━━ Listed entries
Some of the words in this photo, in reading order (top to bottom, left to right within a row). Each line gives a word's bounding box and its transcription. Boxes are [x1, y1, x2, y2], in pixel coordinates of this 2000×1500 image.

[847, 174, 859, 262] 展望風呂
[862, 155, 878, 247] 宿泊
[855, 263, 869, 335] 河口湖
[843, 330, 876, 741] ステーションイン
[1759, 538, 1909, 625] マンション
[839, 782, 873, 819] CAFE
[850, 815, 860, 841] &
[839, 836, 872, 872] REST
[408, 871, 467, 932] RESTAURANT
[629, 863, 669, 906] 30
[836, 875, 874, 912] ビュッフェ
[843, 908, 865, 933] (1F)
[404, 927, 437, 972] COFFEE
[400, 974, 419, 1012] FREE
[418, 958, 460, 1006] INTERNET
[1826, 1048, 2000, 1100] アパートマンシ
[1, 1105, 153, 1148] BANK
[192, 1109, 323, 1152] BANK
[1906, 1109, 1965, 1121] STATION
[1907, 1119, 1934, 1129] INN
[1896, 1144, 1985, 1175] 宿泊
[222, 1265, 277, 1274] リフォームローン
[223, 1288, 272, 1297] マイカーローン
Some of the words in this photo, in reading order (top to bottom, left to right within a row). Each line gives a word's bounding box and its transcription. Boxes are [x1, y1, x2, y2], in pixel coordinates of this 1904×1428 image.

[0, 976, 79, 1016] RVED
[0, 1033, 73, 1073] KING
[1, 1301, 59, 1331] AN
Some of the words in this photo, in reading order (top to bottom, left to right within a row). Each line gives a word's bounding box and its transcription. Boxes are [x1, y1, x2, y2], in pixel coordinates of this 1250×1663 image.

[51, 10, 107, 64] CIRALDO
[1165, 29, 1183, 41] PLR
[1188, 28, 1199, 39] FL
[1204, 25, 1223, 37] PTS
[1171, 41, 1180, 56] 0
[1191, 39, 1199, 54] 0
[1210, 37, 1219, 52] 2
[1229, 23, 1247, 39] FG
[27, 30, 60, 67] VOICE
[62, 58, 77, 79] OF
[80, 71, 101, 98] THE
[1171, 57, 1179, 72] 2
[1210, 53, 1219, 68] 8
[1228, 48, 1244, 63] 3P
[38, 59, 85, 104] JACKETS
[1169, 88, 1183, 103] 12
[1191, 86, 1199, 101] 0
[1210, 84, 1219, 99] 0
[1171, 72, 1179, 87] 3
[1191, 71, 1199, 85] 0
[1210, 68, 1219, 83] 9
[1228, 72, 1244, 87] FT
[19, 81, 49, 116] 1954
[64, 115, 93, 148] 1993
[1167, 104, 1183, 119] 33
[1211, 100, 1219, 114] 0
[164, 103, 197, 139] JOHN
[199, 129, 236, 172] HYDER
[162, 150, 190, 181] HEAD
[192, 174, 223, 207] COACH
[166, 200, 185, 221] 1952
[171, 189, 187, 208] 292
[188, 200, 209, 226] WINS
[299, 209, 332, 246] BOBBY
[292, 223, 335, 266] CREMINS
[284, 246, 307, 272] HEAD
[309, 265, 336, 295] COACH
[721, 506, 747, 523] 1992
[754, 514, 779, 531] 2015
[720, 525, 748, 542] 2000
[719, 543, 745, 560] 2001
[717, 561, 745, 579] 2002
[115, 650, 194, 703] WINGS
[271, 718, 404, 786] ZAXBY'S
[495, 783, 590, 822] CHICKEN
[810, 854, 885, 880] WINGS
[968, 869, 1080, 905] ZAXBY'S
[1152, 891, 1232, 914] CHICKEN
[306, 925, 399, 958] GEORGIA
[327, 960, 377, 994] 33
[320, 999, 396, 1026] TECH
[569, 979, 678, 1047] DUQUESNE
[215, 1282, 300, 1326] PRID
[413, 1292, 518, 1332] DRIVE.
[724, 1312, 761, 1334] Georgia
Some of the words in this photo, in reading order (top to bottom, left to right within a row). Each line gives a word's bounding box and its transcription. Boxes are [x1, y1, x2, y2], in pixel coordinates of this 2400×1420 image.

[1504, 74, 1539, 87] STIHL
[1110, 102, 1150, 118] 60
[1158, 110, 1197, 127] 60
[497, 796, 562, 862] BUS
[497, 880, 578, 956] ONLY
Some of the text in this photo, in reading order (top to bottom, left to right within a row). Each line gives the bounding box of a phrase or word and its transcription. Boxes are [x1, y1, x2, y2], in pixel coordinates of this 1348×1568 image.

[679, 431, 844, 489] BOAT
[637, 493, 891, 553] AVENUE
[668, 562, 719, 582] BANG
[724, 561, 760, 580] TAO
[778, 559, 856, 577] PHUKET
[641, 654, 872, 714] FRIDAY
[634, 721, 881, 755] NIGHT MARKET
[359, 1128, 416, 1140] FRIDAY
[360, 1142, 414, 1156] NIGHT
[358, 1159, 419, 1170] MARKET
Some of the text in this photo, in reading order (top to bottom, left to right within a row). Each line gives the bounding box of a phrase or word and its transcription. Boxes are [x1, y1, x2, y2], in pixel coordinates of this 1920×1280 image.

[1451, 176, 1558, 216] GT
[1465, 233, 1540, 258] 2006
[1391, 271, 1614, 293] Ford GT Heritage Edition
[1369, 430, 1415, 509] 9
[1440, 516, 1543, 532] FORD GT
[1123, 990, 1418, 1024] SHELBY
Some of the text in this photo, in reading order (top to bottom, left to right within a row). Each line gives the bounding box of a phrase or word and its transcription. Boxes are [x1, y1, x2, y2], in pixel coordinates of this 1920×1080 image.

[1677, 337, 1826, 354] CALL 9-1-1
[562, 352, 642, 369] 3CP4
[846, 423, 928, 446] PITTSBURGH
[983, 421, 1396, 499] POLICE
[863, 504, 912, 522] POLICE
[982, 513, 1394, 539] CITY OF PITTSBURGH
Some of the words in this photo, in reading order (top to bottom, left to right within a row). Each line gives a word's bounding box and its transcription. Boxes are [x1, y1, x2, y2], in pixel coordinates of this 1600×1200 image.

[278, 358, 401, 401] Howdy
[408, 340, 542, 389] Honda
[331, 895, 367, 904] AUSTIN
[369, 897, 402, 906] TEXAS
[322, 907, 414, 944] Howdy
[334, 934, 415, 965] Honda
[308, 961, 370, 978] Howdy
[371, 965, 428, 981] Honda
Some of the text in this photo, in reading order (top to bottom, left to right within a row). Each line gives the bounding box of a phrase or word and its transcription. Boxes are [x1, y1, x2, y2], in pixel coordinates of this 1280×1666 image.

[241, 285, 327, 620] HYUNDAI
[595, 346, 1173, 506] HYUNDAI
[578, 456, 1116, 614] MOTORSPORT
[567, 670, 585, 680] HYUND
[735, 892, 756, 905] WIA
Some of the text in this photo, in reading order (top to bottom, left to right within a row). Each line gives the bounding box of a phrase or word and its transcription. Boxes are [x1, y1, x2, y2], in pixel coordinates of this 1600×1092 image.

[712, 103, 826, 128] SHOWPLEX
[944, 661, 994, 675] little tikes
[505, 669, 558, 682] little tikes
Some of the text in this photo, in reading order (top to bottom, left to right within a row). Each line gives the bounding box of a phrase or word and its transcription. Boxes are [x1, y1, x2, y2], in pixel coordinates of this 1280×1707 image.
━━━━
Line by line, return the whole listing without a single difference.

> [Response]
Some of the words in this photo, in reading order (top to bottom, left to right within a row). Each line gives a word's bounding box and its transcription. Boxes are [x1, y1, x2, y2], in pixel coordinates of this 2000×1500 image.

[847, 174, 859, 262] 展望風呂
[862, 155, 878, 247] 宿泊
[855, 263, 869, 335] 河口湖
[843, 330, 876, 741] ステーションイン
[1759, 538, 1909, 625] マンション
[839, 782, 873, 819] CAFE
[850, 815, 860, 841] &
[839, 836, 872, 872] REST
[408, 871, 467, 932] RESTAURANT
[629, 863, 669, 906] 30
[836, 875, 874, 912] ビュッフェ
[843, 908, 865, 933] (1F)
[404, 927, 437, 972] COFFEE
[400, 974, 419, 1012] FREE
[418, 958, 460, 1006] INTERNET
[1826, 1048, 2000, 1100] アパートマンシ
[1, 1105, 153, 1148] BANK
[192, 1109, 323, 1152] BANK
[1906, 1109, 1965, 1121] STATION
[1907, 1119, 1934, 1129] INN
[1896, 1144, 1985, 1175] 宿泊
[222, 1265, 277, 1274] リフォームローン
[223, 1288, 272, 1297] マイカーローン
Some of the words in this photo, in reading order (top to bottom, left to right within a row). Each line gives a word's bounding box and its transcription. Boxes are [x1, y1, x2, y2], in pixel coordinates of this 1904×1428 image.

[0, 976, 79, 1016] RVED
[0, 1033, 73, 1073] KING
[1, 1301, 59, 1331] AN
Some of the words in this photo, in reading order (top to bottom, left to right within a row). Each line gives a word's bounding box and its transcription. Boxes are [x1, y1, x2, y2], in pixel coordinates of this 1250×1663 image.

[51, 10, 107, 64] CIRALDO
[1165, 29, 1183, 41] PLR
[1188, 28, 1199, 39] FL
[1204, 25, 1223, 37] PTS
[1171, 41, 1180, 56] 0
[1191, 39, 1199, 54] 0
[1210, 37, 1219, 52] 2
[1229, 23, 1247, 39] FG
[27, 30, 60, 67] VOICE
[62, 58, 77, 79] OF
[80, 71, 101, 98] THE
[1171, 57, 1179, 72] 2
[1210, 53, 1219, 68] 8
[1228, 48, 1244, 63] 3P
[38, 59, 85, 104] JACKETS
[1169, 88, 1183, 103] 12
[1191, 86, 1199, 101] 0
[1210, 84, 1219, 99] 0
[1171, 72, 1179, 87] 3
[1191, 71, 1199, 85] 0
[1210, 68, 1219, 83] 9
[1228, 72, 1244, 87] FT
[19, 81, 49, 116] 1954
[64, 115, 93, 148] 1993
[1167, 104, 1183, 119] 33
[1211, 100, 1219, 114] 0
[164, 103, 197, 139] JOHN
[199, 129, 236, 172] HYDER
[162, 150, 190, 181] HEAD
[192, 174, 223, 207] COACH
[166, 200, 185, 221] 1952
[171, 189, 187, 208] 292
[188, 200, 209, 226] WINS
[299, 209, 332, 246] BOBBY
[292, 223, 335, 266] CREMINS
[284, 246, 307, 272] HEAD
[309, 265, 336, 295] COACH
[721, 506, 747, 523] 1992
[754, 514, 779, 531] 2015
[720, 525, 748, 542] 2000
[719, 543, 745, 560] 2001
[717, 561, 745, 579] 2002
[115, 650, 194, 703] WINGS
[271, 718, 404, 786] ZAXBY'S
[495, 783, 590, 822] CHICKEN
[810, 854, 885, 880] WINGS
[968, 869, 1080, 905] ZAXBY'S
[1152, 891, 1232, 914] CHICKEN
[306, 925, 399, 958] GEORGIA
[327, 960, 377, 994] 33
[320, 999, 396, 1026] TECH
[569, 979, 678, 1047] DUQUESNE
[215, 1282, 300, 1326] PRID
[413, 1292, 518, 1332] DRIVE.
[724, 1312, 761, 1334] Georgia
Some of the words in this photo, in reading order (top to bottom, left to right within a row). Each line gives a word's bounding box and its transcription. Boxes are [x1, y1, x2, y2], in pixel coordinates of this 2400×1420 image.

[1504, 74, 1539, 87] STIHL
[1110, 102, 1150, 118] 60
[1158, 110, 1197, 127] 60
[497, 796, 562, 862] BUS
[497, 880, 578, 956] ONLY
Some of the text in this photo, in reading order (top to bottom, left to right within a row). Each line gives the bounding box of a phrase or word and its transcription. Boxes are [x1, y1, x2, y2], in pixel coordinates of this 1348×1568 image.

[679, 431, 844, 489] BOAT
[637, 493, 891, 553] AVENUE
[668, 562, 719, 582] BANG
[724, 561, 760, 580] TAO
[778, 559, 856, 577] PHUKET
[641, 654, 872, 714] FRIDAY
[634, 721, 881, 755] NIGHT MARKET
[359, 1128, 416, 1140] FRIDAY
[360, 1142, 414, 1156] NIGHT
[358, 1159, 419, 1170] MARKET
Some of the text in this photo, in reading order (top to bottom, left to right within a row). Each line gives the bounding box of a phrase or word and its transcription. Boxes are [x1, y1, x2, y2], in pixel coordinates of this 1920×1280 image.

[1451, 176, 1558, 216] GT
[1465, 233, 1540, 258] 2006
[1391, 271, 1614, 293] Ford GT Heritage Edition
[1369, 430, 1415, 509] 9
[1440, 516, 1543, 532] FORD GT
[1123, 990, 1418, 1024] SHELBY
Some of the text in this photo, in reading order (top to bottom, left to right within a row). Each line gives the bounding box of a phrase or word and its transcription. Boxes are [x1, y1, x2, y2], in pixel coordinates of this 1920×1080 image.

[1677, 337, 1826, 354] CALL 9-1-1
[562, 352, 642, 369] 3CP4
[846, 423, 928, 446] PITTSBURGH
[983, 421, 1396, 499] POLICE
[863, 504, 912, 522] POLICE
[982, 513, 1394, 539] CITY OF PITTSBURGH
Some of the words in this photo, in reading order (top to bottom, left to right within a row). Each line gives a word's bounding box and its transcription. Boxes are [x1, y1, x2, y2], in pixel coordinates of this 1600×1200 image.

[278, 358, 401, 401] Howdy
[408, 340, 542, 389] Honda
[331, 895, 367, 904] AUSTIN
[369, 897, 402, 906] TEXAS
[322, 907, 414, 944] Howdy
[334, 934, 415, 965] Honda
[308, 961, 370, 978] Howdy
[371, 965, 428, 981] Honda
Some of the text in this photo, in reading order (top to bottom, left to right within a row). Each line gives the bounding box of a phrase or word and its transcription. Boxes are [x1, y1, x2, y2], in pixel coordinates of this 1280×1666 image.

[241, 285, 327, 620] HYUNDAI
[595, 346, 1173, 506] HYUNDAI
[578, 456, 1116, 614] MOTORSPORT
[567, 670, 585, 680] HYUND
[735, 892, 756, 905] WIA
Some of the text in this photo, in reading order (top to bottom, left to right within a row). Each line gives the bounding box of a phrase or word and its transcription. Boxes are [x1, y1, x2, y2], in pixel coordinates of this 1600×1092 image.

[712, 103, 826, 128] SHOWPLEX
[944, 661, 994, 675] little tikes
[505, 669, 558, 682] little tikes
Some of the text in this photo, in reading order (top to bottom, left to right within a row). Each line gives the bounding box of a phrase or word and its transcription. Boxes are [x1, y1, x2, y2], in pixel coordinates of this 1280×1707 image.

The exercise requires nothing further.